In a 2018 report, UBS outlined how a purpose-driven approach to wealth management could be achieved through the 3 L’s: Liquidity, Longevity, and Legacy. At its core, the 3L strategy is a blueprint for families who want to understand how they can better allocate all of their assets and liabilities to meet their objectives. But how might we turn these financial terms into something more visionary, so that the next-generation feel inspired to take charge of this future?
The answer could well be in framing through a paradigm of growth and legacy, borrowing metaphors from nature. We call this approach PPO – or planting pine nuts, pine trees, and oak trees. Pine nuts are the nutritional stock (savings) for immediate and near-term needs. Pine trees, are what you plant (invest) with the expectation of producing a revenue stream during your lifetime. Finally, the oak tree, what you plant (invest) for posterity, for the benefit of your children, grandchildren, further generations to come, and society at large.
Attuned with the family’s balance sheet and life goals, the pine nuts, pine trees, and oak trees approach – PPO for short – flips the typical financial decision-making journey. It is often the case that the mix of asset classes and investment products becomes the inescapable and obvious consequence of the family choices about lifestyle, tranquility, and legacy in different brackets of the future. This may be counterintuitive and unconventional, but proves right time and again.
The PPO roadmap
Your future starts tomorrow, and it can take you (and each of your loved ones) to as long as 100 years of age, or more. Whether you are a successful millennial entrepreneur or you are already looking to retire from an executive position at your family business and explore other happiness pathways, a PPO approach can allow you to make sage decisions now and chart a path to a brighter future. Ultimately it boils down to living a life with purpose, on your own terms, and making every day count to achieve what matters the most to you and your family. Below are seven key steps and principles to follow in a PPO roadmap.
- Identify the family’s tangible and intangible assets and liabilities, and available resources, for both pre-retirement and post-retirement periods. Write down your big picture family balance sheet, so as to figure out how they can work together across life and market cycles.
- Consider thoroughly through your family’s lifelong financial goals and objectives. Be ambitious and caring – do not hold back. If money was not an issue, what would you want your life and theirs to be like? Can you pinpoint the needs and wants? If the unexpected knocks on your door –as it often does– will you be ready?
- Organize your personal finances into three key dimensions – pine nuts, pine trees, and oak trees. Distribute your assets into them and (re)allocate them confidently when necessary. You can then rebalance those three strategies according to their purpose, market whims, and circumstances.
- Optimize portfolios by timely aligning your investment and allocation decisions with the family’s intentions and potentially higher capacity to cope with uncertainty.
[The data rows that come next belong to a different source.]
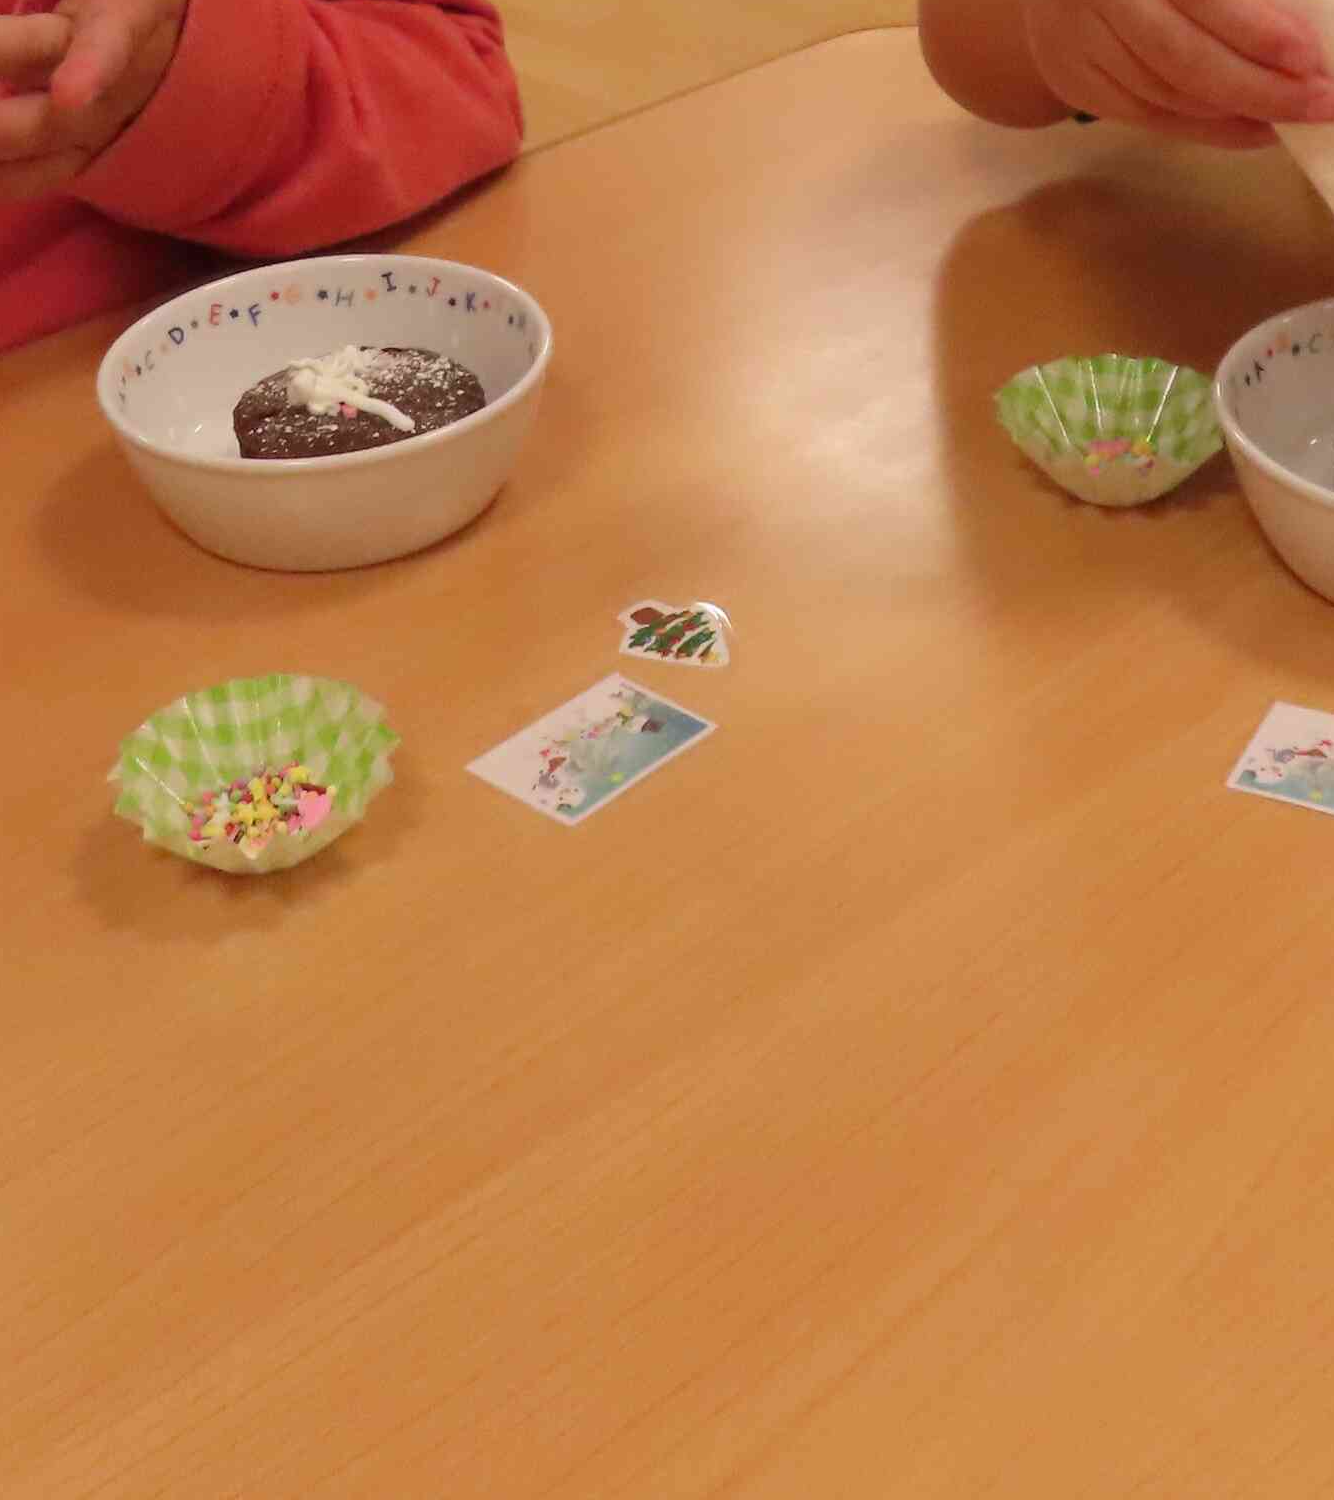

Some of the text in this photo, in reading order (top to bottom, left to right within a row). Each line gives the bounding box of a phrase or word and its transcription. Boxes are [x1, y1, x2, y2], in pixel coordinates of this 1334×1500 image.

[168, 327, 185, 346] D
[208, 303, 222, 326] E
[248, 303, 262, 326] F
[335, 286, 355, 308] H
[381, 271, 397, 292] I
[427, 277, 441, 297] J
- Ensure you build a dynamic plan which is flexible enough both to bear the long-term risk and return and which can support your spending also during volatility and unpredictable needs.
- Be tax aware from the bottom up.
- Be disciplined and consciously avoid emotional biases that can bring along imprudent decisions.
This plan will be the canvas you will draw on to protect and grow your wealth well into the long-term and through to the next generations. To begin with, take all your financial objectives, split them into three groups, and deliberately create a specific investment strategy for each of them.
Pine nuts – feeding the immediate and near-term spending
The pine nuts sub-strategy addresses the funding of your expenses and settlement of your debts during the next two to five years, after factoring in a margin for the unexpected. Given the short-term purpose, this slice of your financial strategy should rely on recurring income streams, such as labor and real estate rents. These should be considered as stable and very liquid assets – those which are expected to maintain their price regardless of market variations and quite easily and rapidly convertible to a means of payment. This could be deposits, savings accounts, high-quality fixed income instruments like that of highly-rated state or company debt, and annuities – as well as accessible resources such as emergency savings and borrowing facilities.
You should ultimately think of it as your low-hanging fruit. Knowing that they remain available despite any turmoil that might arise should give you peace of mind and increased confidence to hold more volatility in other portfolios. This will prevent you from making harmful investment decisions –like hurriedly de-investing in assets you bought for the long-term and are not yet ripe.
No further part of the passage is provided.